17 juin, 2010
Livre abordant:
Dystopie, Roman, SF
Il y a longtemps, dans un café de la gare de Rennes, je lisais je-ne-sais plus quelle dystopie. Une femme est venue m’accoster et nous avons discuté pendant quelques temps de bouquins et j’en étais arrivé à la conclusion suivante: René Barjavel est un auteur que je dois absolument lire.

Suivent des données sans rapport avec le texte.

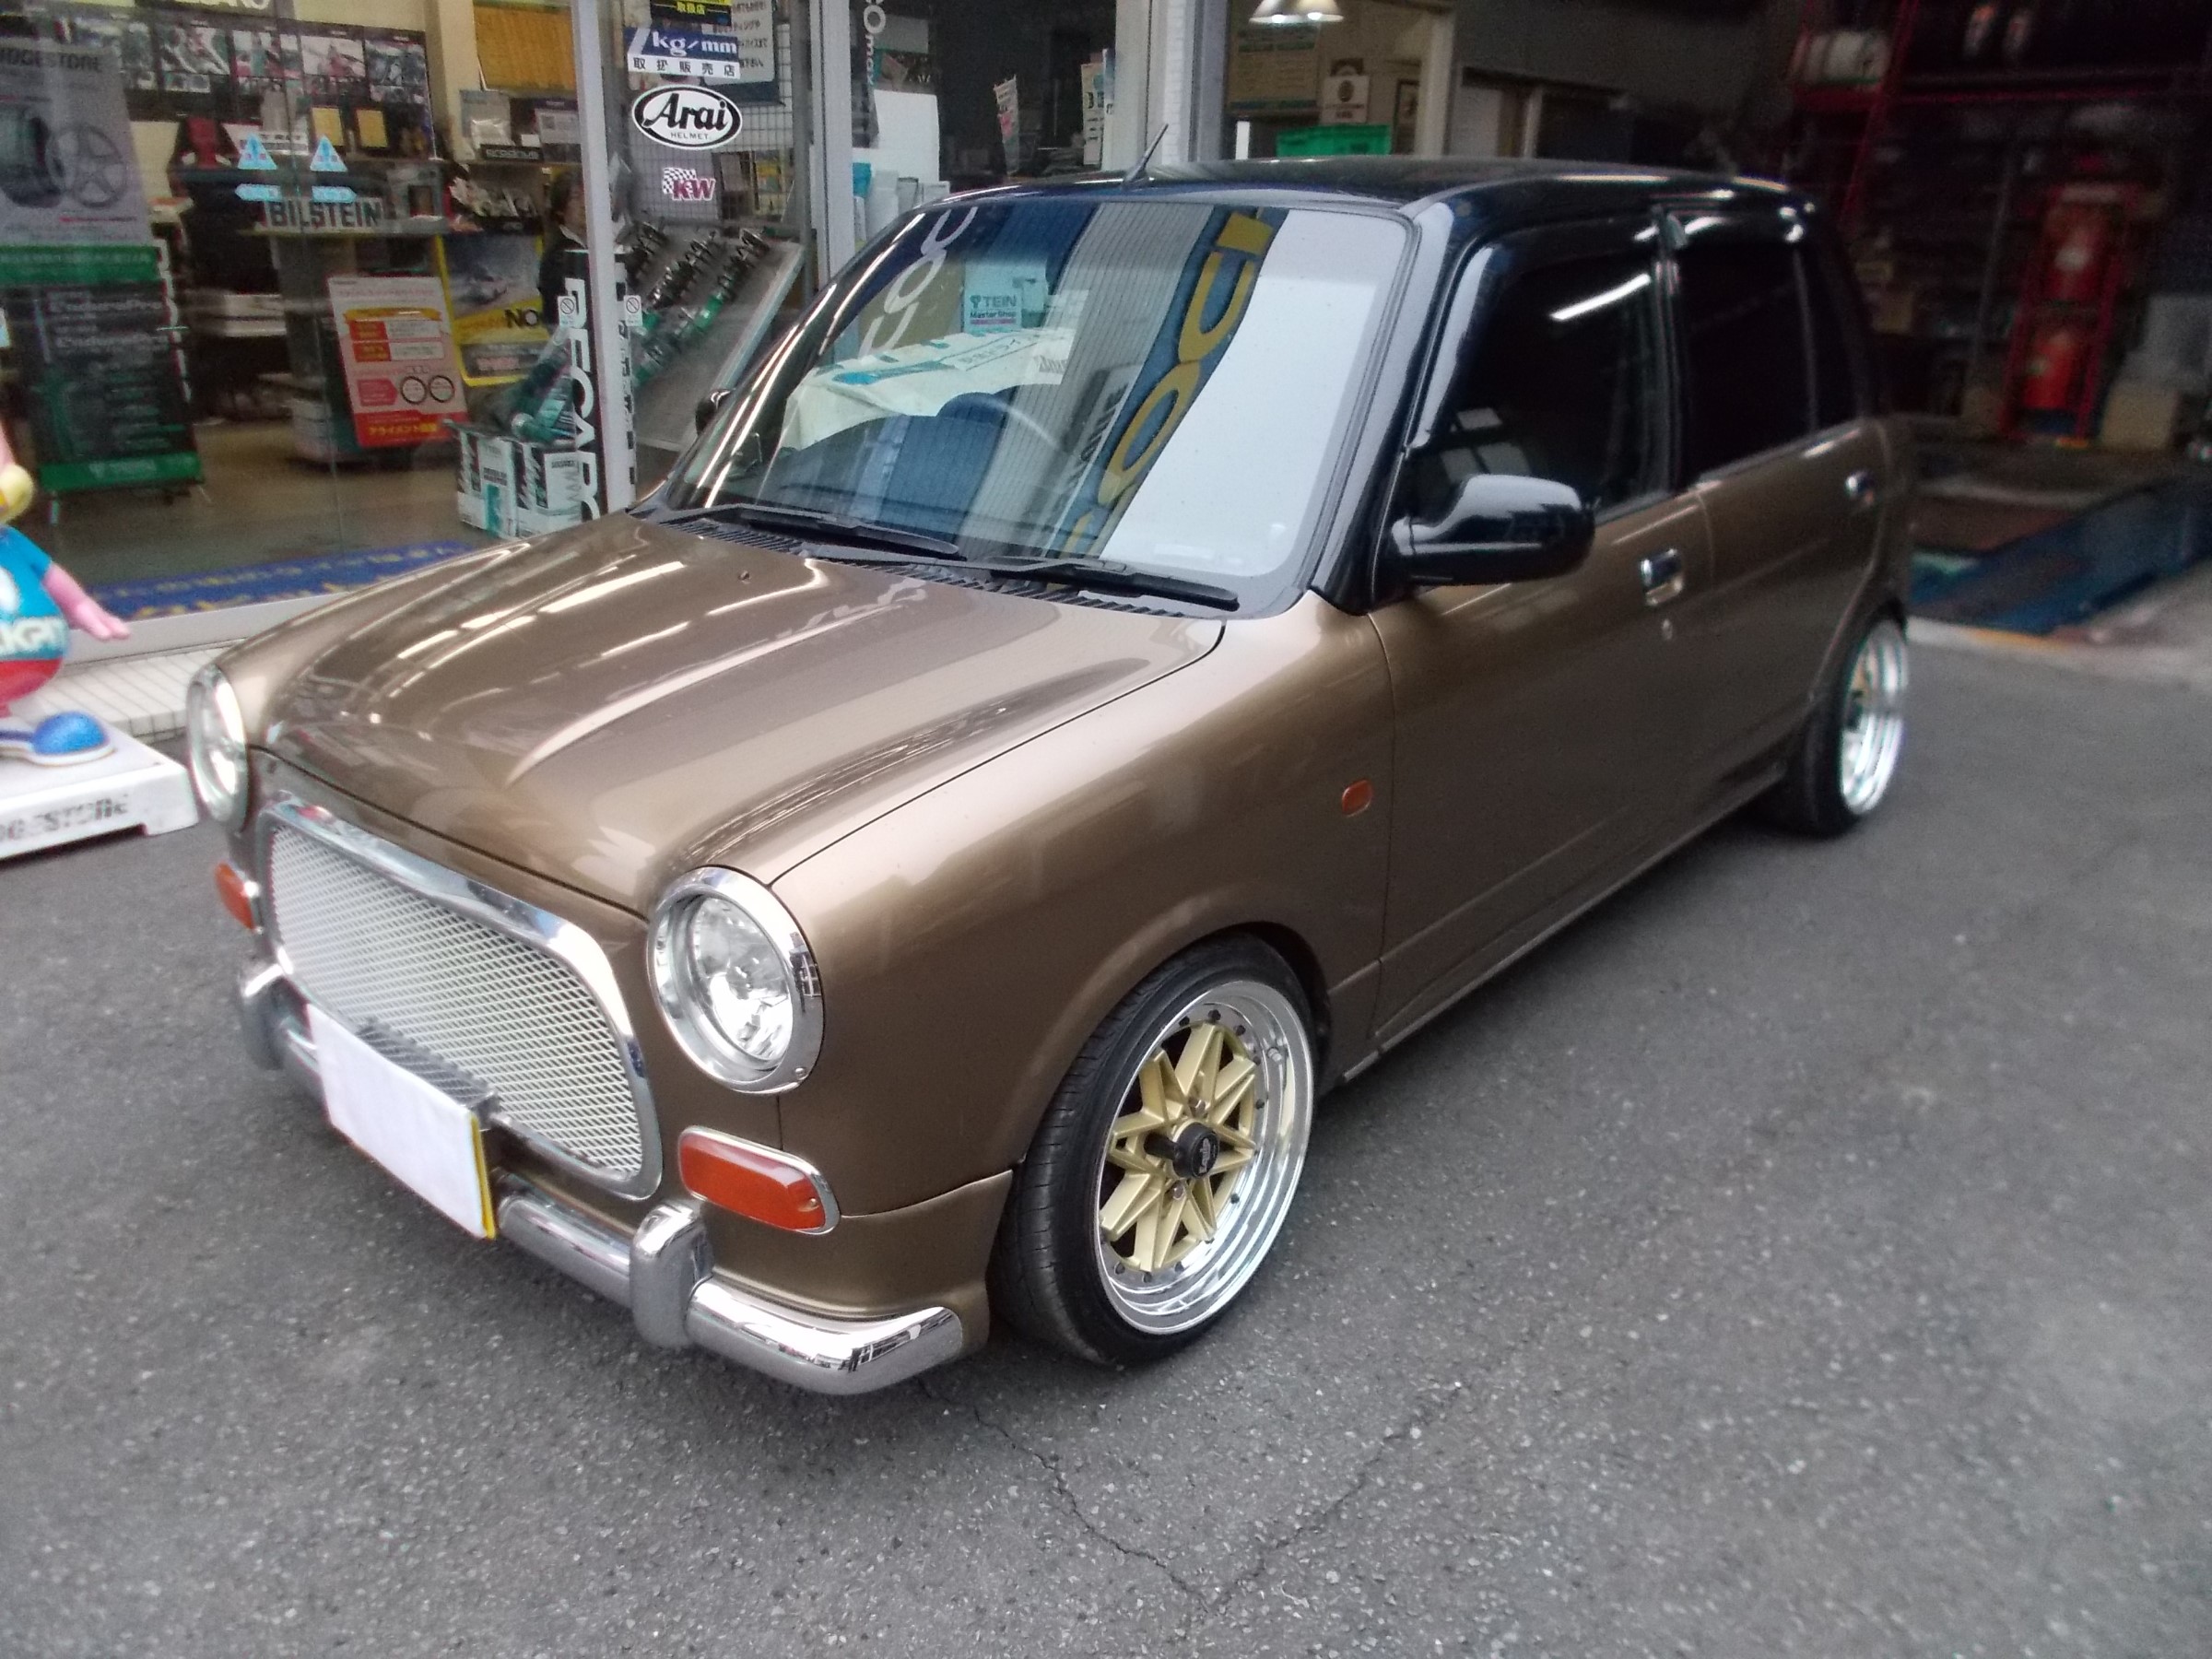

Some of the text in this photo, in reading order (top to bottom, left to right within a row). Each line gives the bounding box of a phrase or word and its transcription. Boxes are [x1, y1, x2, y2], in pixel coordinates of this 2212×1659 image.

Comme d’habitude, plein de livres sont passés par là entre temps. Mais là, je m’y suis enfin mis et je viens de finir Ravage (de René Barjavel donc). Ce roman de science-fiction a été écrit en 1943 par l’auteur français. Il s’agit d’une dystopie (décidément, je les enchaine) post-apocalyptique sur la dépendance abusive de l’Homme envers les technologies. Présentation par l’éditeur:
La civilisation s’écroule suite à la disparition de l’électricité, d’abord survivre et ensuite reconstruire une civilisation pastorale. Ecrit dans les années quarante, un roman catastrophe à la française. « – Vous ne savez pas ce qui est arrivé ? Tous les moteurs d’avions se sont arrêtés hier à la même heure, juste au moment où le courant flanchait partout. Tous ceux qui s’étaient mis en descente pour atterrir sur la terrasse sont tombés comme une grêle. Vous n’avez rien entendu, là-dessous ? Moi, dans mon petit appartement près du garage, c’est bien un miracle si je n’ai pas été aplati. Quand le bus de la ligne 2 est tombé, j’ai sauté au plafond comme une crêpe… Allez donc jeter un coup d’œil dehors, vous verrez le beau travail ! ».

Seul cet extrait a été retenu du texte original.